Covid-19, health and safety and the rights of employee dismissal
A tribunal has found that an employee was rightly dismissed for refusing to return to work over fear of Covid-19.
Covid-19 has highlighted numerous concerns for employers and employees alike, not least around employment rights relating to Covid-19 and health and safety. A recent case has shed more light on how Tribunals may deal with the pandemic-related workplace issue of employees’ refusal to work on health and safety grounds, due to fear of Covid-19.
The case involved an employee who refused to come to work after a colleague was diagnosed positive with Covid-19 and self-isolated. The employee was fearful of Covid-19 and wanted to protect his child, who has sickle cell disease. After a month of refusing to return to work, the employee was dismissed.

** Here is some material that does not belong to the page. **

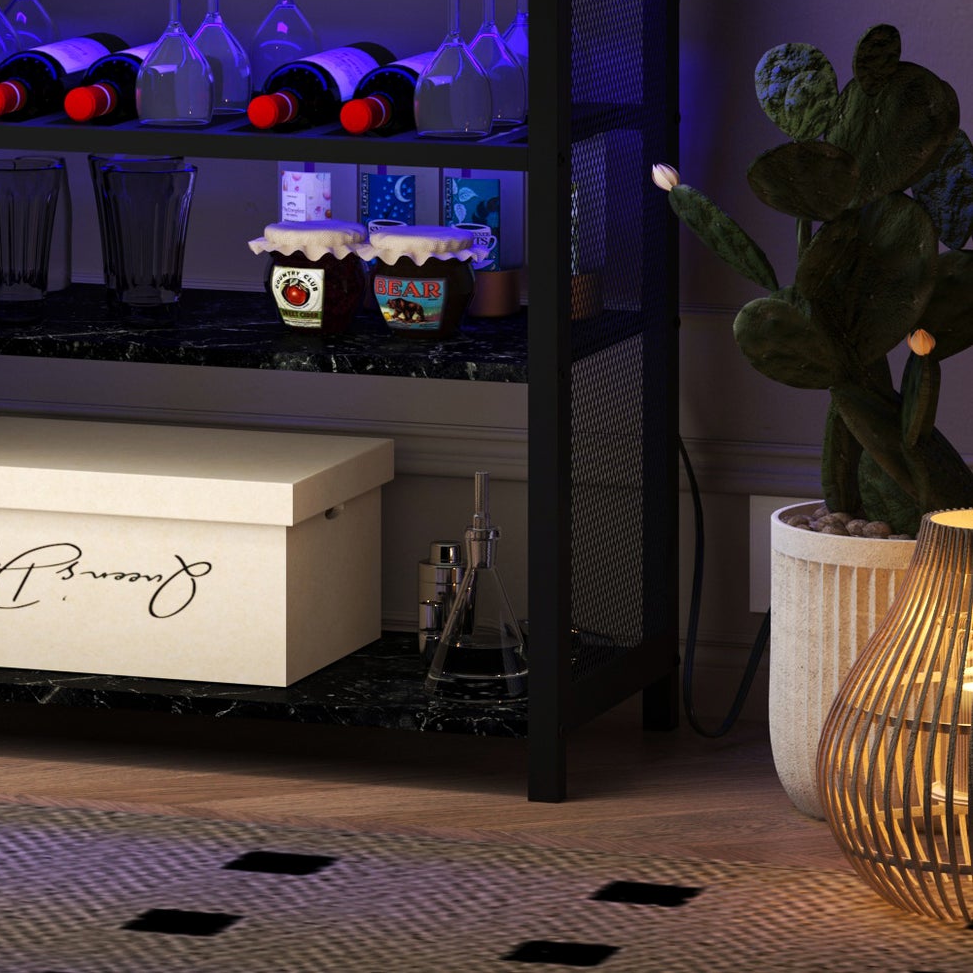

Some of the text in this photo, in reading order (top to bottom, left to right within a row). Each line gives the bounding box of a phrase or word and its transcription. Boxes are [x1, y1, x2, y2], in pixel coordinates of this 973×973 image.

[275, 271, 319, 292] COUNTRY CLUB
[375, 278, 441, 298] BEAR
[55, 554, 212, 618] Queen's

The tribunal case was brought by the employee for unfair dismissal, after exercising his rights to leave the workplace and take steps to protect himself where he reasonably believed there was a serious and imminent danger, under sections 100(1)(d) and (e) of the Employment Rights Act 1996.
The key point shown at the tribunal was that the employee had no right to refuse to work simply due to the existence of Covid-19, as it poses no automatic serious and imminent danger in the workplace which can’t be avoided.

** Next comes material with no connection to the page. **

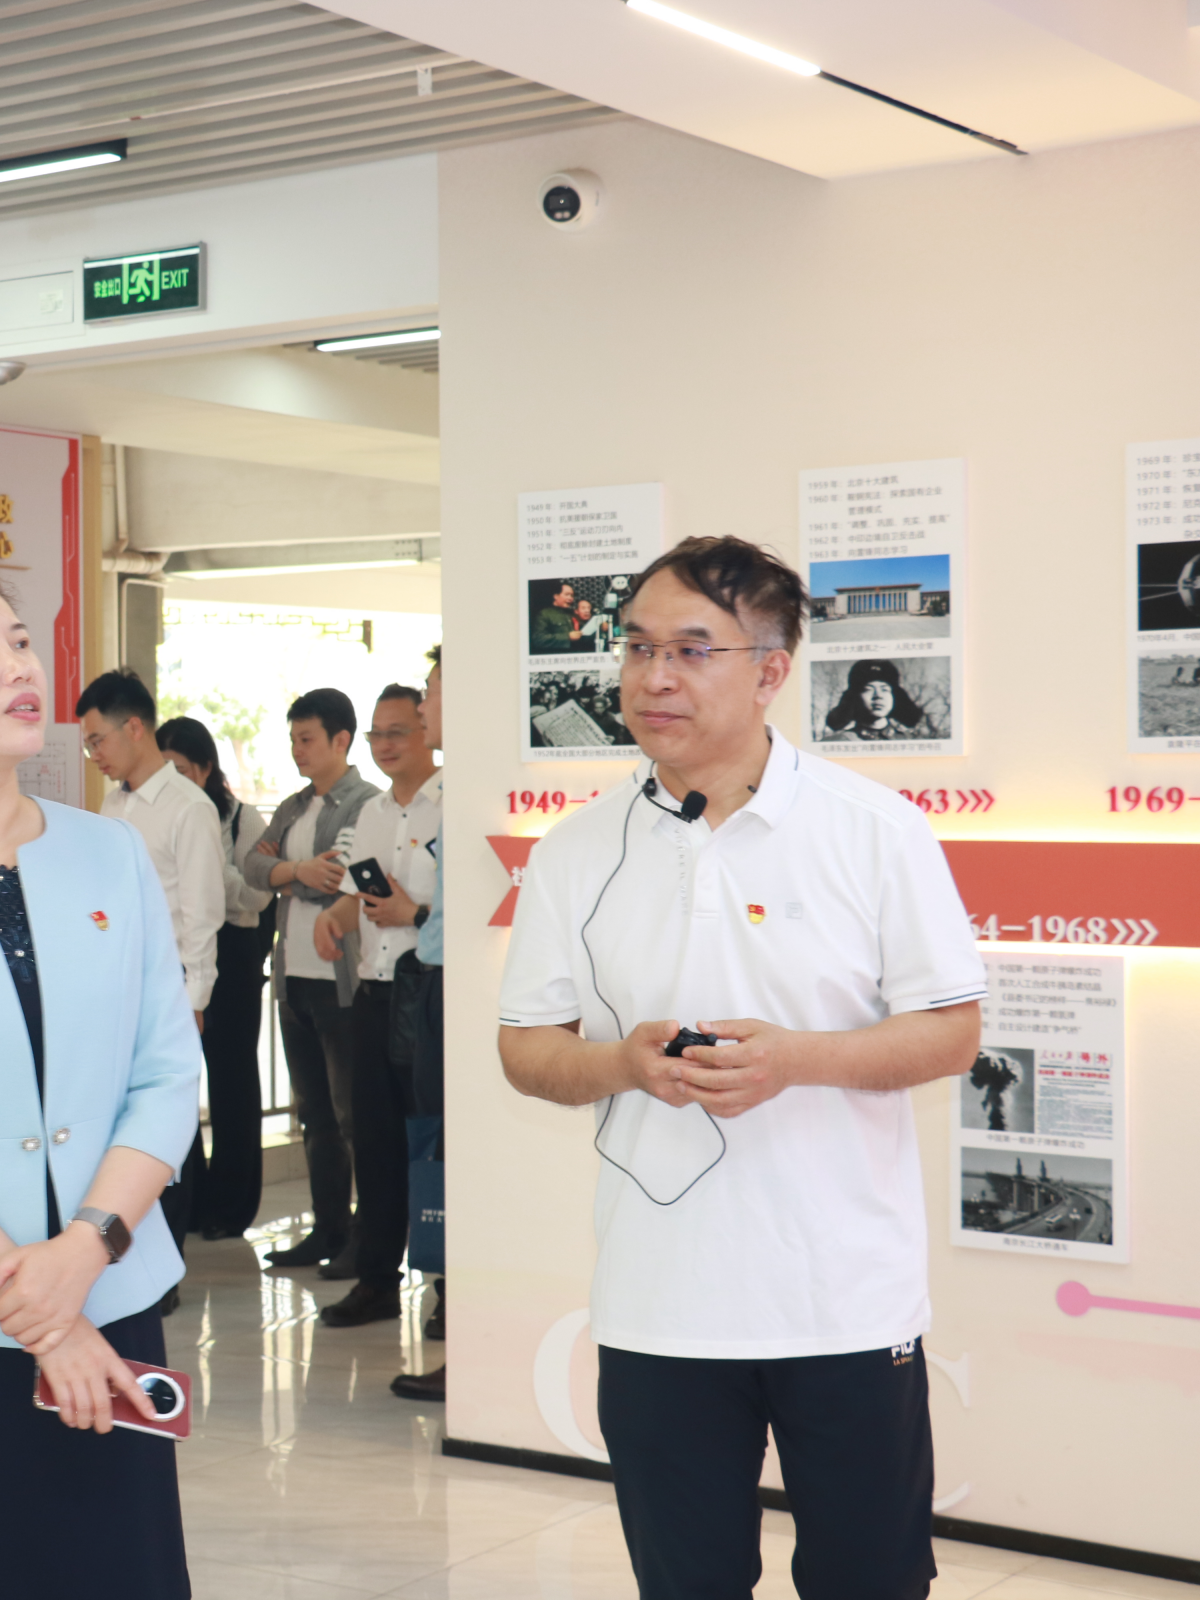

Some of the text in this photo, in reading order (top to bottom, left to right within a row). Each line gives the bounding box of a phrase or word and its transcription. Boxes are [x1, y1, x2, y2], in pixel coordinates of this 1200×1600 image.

[93, 277, 121, 299] 安全出口
[161, 268, 189, 290] EXIT

The employer had also shown that they had followed government guidelines to create a covid-secure workplace, and that the employee had not followed self-isolation while refusing to work. The employee also couldn’t show that the risk was greater at work than outside it.
Therefore, the employer was found not guilty of unfair dismissal. The lesson for employers is to make sure Covid-19 health and safety guidelines are being carefully followed, in order to prevent, or successfully contest any claims.